The Hao AI Lab at the University of California San Diego recently tested artificial intelligence models in live Super Mario Bros. gameplay. The results were surprising:
- Claude 3.7 (Anthropic) performed the best, followed by Claude 3.5.
- Google’s Gemini 1.5 Pro and OpenAI’s GPT-4o struggled to keep up.
However, it wasn’t exactly the same Super Mario Bros. from 1985.
The researchers ran the game on an emulator, using a custom-built system called GamingAgent, which allowed the AI to take control of Mario, reports TechCrunch.

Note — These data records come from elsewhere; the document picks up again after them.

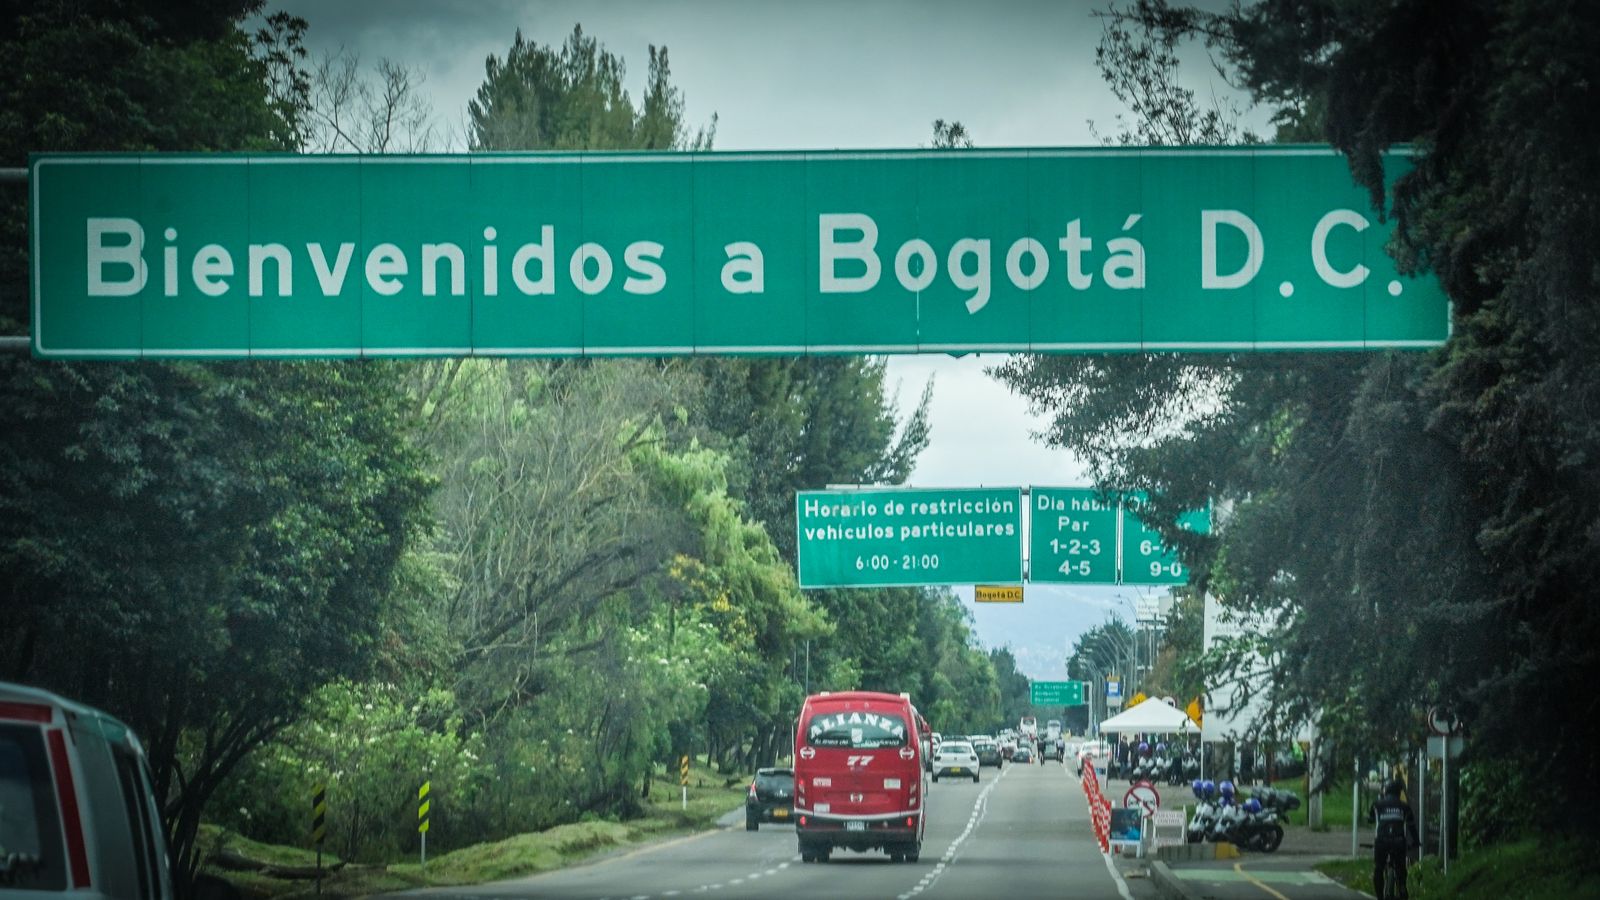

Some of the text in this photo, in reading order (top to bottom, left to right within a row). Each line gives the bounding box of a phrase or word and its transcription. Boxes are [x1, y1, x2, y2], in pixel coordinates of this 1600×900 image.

[86, 208, 1404, 314] Bienvenidos a Bogotá D.C.
[804, 497, 1013, 517] Horario de restricción
[901, 520, 1014, 541] particulares
[1058, 516, 1089, 532] Par
[1050, 538, 1101, 555] 1-2-3
[855, 554, 889, 570] 6:00
[902, 553, 939, 569] 21:00
[1058, 560, 1091, 576] 4-5
[1150, 561, 1182, 577] 9-0
[811, 712, 904, 740] ALIANZA
[847, 755, 874, 766] 77

How AI Tried to Master Super Mario Bros.
The GamingAgent system, developed in-house by the Hao Lab team, provided AI models with basic instructions, such as:
“If an obstacle or enemy is near, move/jump left to dodge.”
The AI also received real-time game screenshots to analyze the environment and generate commands using Python code to control Mario.
But it wasn’t easy. The AI models had to “learn” how to plan complex movements and develop gameplay strategies.
“Reasoning” models like OpenAI’s o1 performed worse than “non-reasoning” models, despite generally performing better on most other benchmarks.
“One of the biggest issues is that reasoning models take too long—usually seconds—to decide on an action. In real-time games like Super Mario Bros., timing is everything. A one-second delay can mean the difference between a successful jump and falling to your death,” the researchers explained.
Are video games really a good AI Benchmark?
For decades, video games have been used as benchmarks to evaluate AI performance. But some experts question whether gaming truly reflects AI’s real-world capabilities.
- Video games are controlled environments, much simpler than real-world complexities.
- AI can train on an almost infinite amount of data within a game, unlike real-world scenarios where data is limited.
The recent wave of flashy gaming benchmarks has sparked debate about how we should evaluate AI’s true intelligence. Andrej Karpathy, research scientist and founding member of OpenAI, spoke about what he called an “evaluation crisis” in AI testing.
“I don’t really know what [AI] metrics to look at right now. TL;DR: my reaction is I don’t really know how good these models are right now,” Karpathy wrote on X (formerly Twitter).
As AI gets better at playing Super Mario Bros., one big question remains: How much do these skills actually translate to real-world intelligence?